━━ Records for this exercise ━━

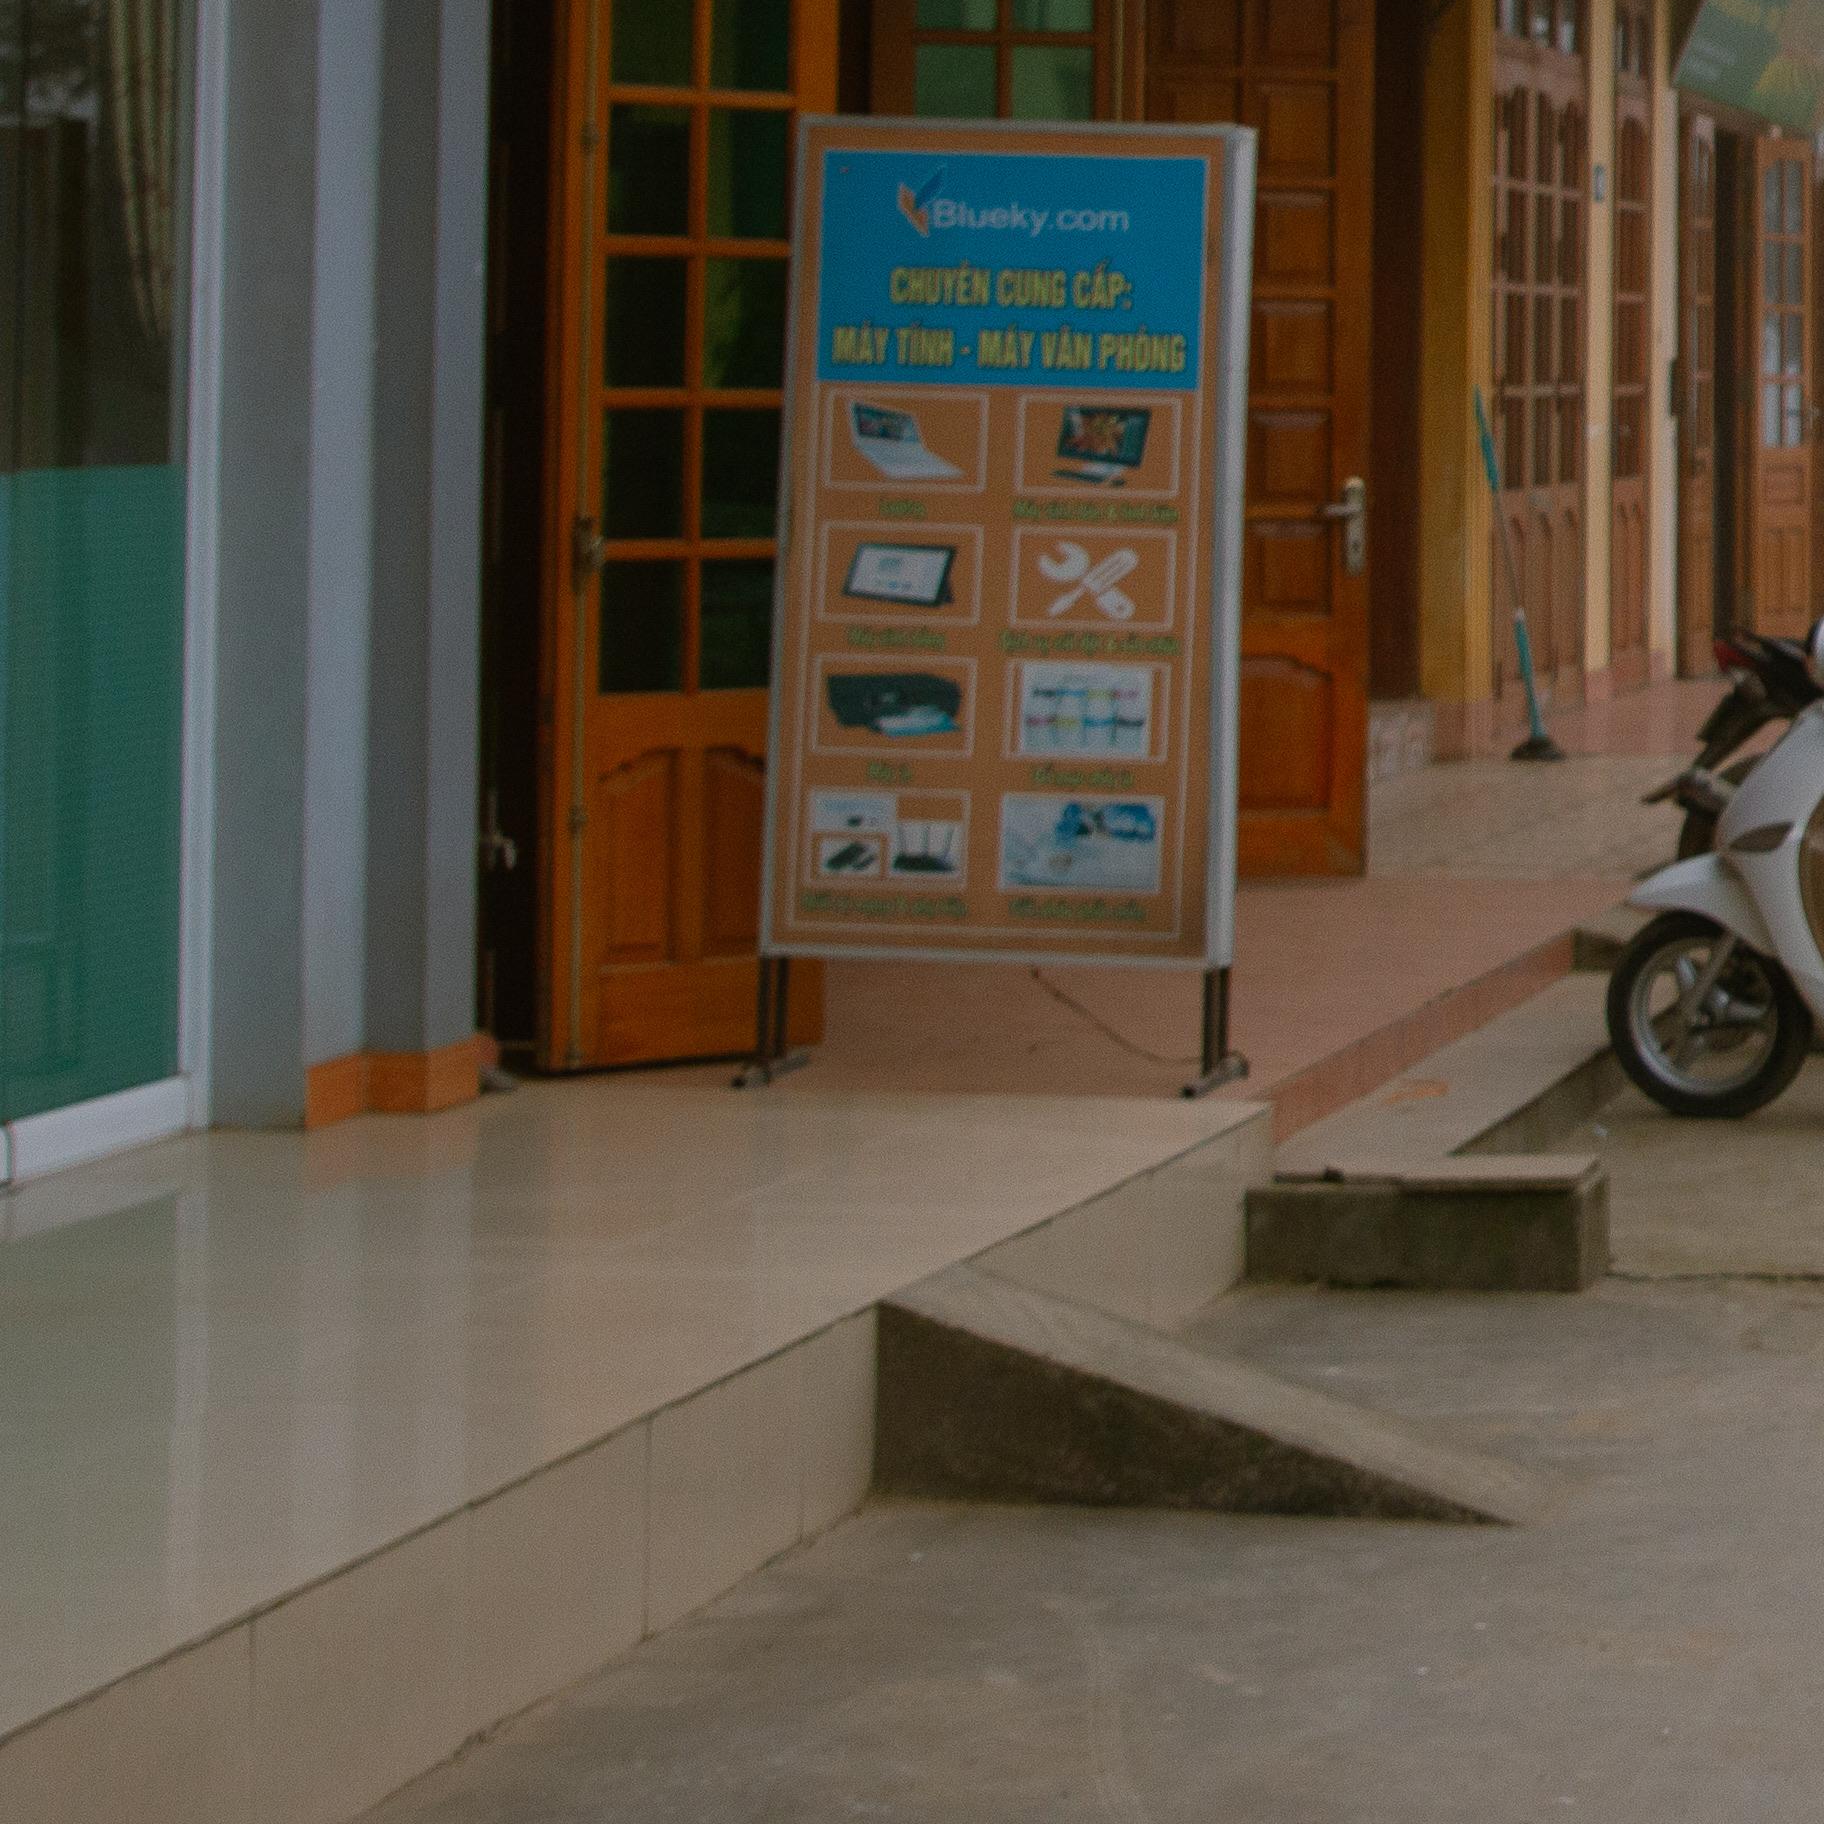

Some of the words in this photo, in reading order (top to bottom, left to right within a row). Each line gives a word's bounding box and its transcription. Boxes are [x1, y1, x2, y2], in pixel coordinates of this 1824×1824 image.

[932, 198, 1130, 237] Blueky.com
[996, 268, 1066, 308] CUNG
[831, 320, 889, 365] MÁY
[896, 321, 955, 367] TÍNH
[976, 323, 1034, 368] MÁY

━━━

Task objective: With the pictures omitted, reproduce the data above exactly.

Exercise result:
Some of the words in this photo, in reading order (top to bottom, left to right within a row). Each line gives a word's bounding box and its transcription. Boxes are [x1, y1, x2, y2], in pixel coordinates of this 1824×1824 image.

[932, 198, 1130, 237] Blueky.com
[996, 268, 1066, 308] CUNG
[831, 320, 889, 365] MÁY
[896, 321, 955, 367] TÍNH
[976, 323, 1034, 368] MÁY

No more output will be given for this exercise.